I want your brand of writer's block.
"And while I want what's best for my child I also want what's best for me..." This is the motherhood connundrum, isn't it? But my question is this: who says what's best for your child and what's best for you have to be different? Is it possible that what's best for Archer IS what's best for you? Is it possible that you can be gutsy and rebellious and still be an excellent role model and provider, and a good mother? I can tell you one thing: that child is going to grow up knowing the world is at his fingertips, that he can do ANYTHING, because his mother PROVED it, by living her life HER way. He will not be a boxed up and neatly packaged kidbot. He will be ARCHER, and people will know he's coming.
I think the "I" on the keyboard flipping off means something else. It means I (you) don't have to be stuck forever between the "U" and the "O". You can break out from the neat lines of letters. You can be the I that pops when the j, k, and l are just not doing it for you anymore. Yes, the I has a job to do to make many words have meaning, but the I can stand tall (of jump up) and say, "I am not always part of a word or sentence or keyboard ALL the time. I know that's important, but I can just be by myself, too. I can be 'I'." And that is okay.

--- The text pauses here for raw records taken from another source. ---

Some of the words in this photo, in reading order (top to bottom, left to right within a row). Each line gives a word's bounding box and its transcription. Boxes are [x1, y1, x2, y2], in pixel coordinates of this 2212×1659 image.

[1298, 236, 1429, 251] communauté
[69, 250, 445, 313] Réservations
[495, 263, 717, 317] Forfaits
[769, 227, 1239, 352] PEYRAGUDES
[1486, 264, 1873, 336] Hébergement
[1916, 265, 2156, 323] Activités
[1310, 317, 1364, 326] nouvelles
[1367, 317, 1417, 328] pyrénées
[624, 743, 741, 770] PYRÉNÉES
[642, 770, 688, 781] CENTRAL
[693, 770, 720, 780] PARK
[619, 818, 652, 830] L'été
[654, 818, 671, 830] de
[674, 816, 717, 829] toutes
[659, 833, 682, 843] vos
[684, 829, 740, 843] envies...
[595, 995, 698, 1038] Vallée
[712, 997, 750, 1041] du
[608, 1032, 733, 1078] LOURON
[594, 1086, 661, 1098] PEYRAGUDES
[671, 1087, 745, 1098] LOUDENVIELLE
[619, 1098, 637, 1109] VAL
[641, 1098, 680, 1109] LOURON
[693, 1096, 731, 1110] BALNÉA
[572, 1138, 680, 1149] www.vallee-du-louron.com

Well, I think the struggle means that you're a good person and that you're really trying hard to be a good mom to Archer. Because if you were all, "@#$& it - I'm a free spirit, child or not!" then it would mean you weren't really giving Archer a place of importance in your life. But you care about him and you want what's best for him (the same way that you care about yourself and want what's best for yourself) so you struggle.

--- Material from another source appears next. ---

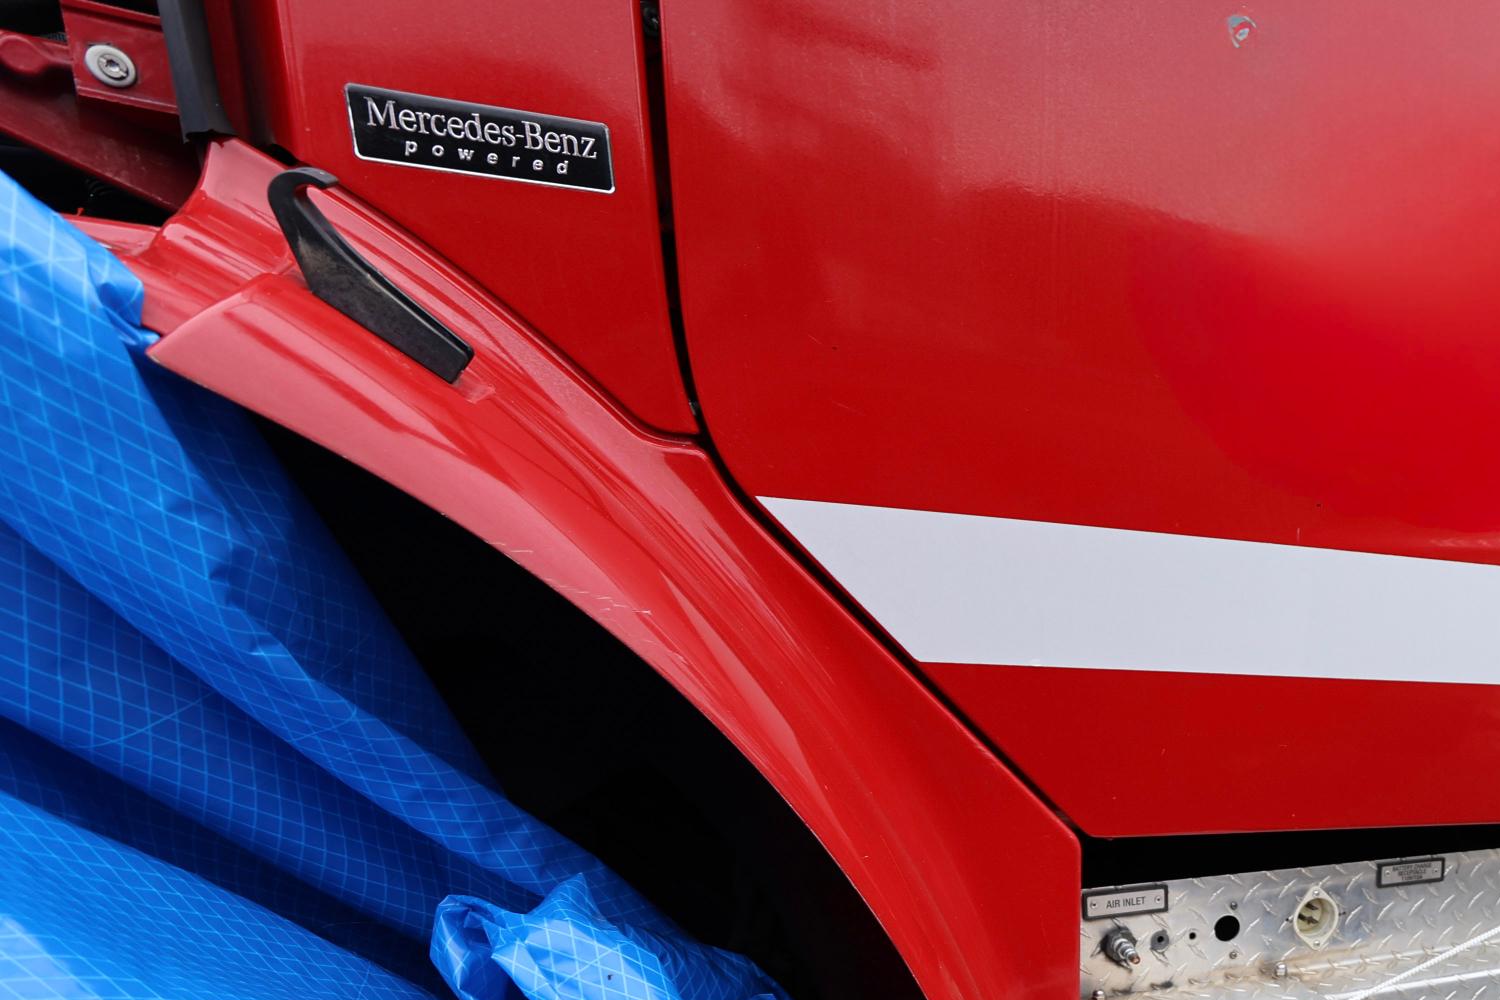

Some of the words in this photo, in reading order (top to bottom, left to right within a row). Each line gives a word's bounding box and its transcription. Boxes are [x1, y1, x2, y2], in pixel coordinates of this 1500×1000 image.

[363, 96, 598, 159] Mercedes-Benz
[404, 138, 569, 175] powered
[1106, 899, 1121, 909] AIR
[1122, 896, 1146, 907] INLET

Not to be all BS zen about it, but maybe the struggle is where you should be. If things tip too far in either direction, then it means you're valuing either yourself or Archer less. And the truth is that both of you are incredibly important and each of you will win the battle sometimes. So don't push for resolution too quickly...
After I wrote this post I had a few long talks with the men in my life, the huz and my father and they admitted they feel the same. I realized "what this is" is life and has nothing to do with having creative ambitions, nothing to do with being a mother, or being twenty-five. It has to do with being torn between the romantic ideals and real life and for me, who lives in her head most of the time, the romantic ideal has always been my place of refuge. Right now it seems the real-life side is bleeding into my "hiding place" and throwing it all out of wack. Thank you for all of your insightful comments. You're all right, the battle is just trying to find the balance. Thank you.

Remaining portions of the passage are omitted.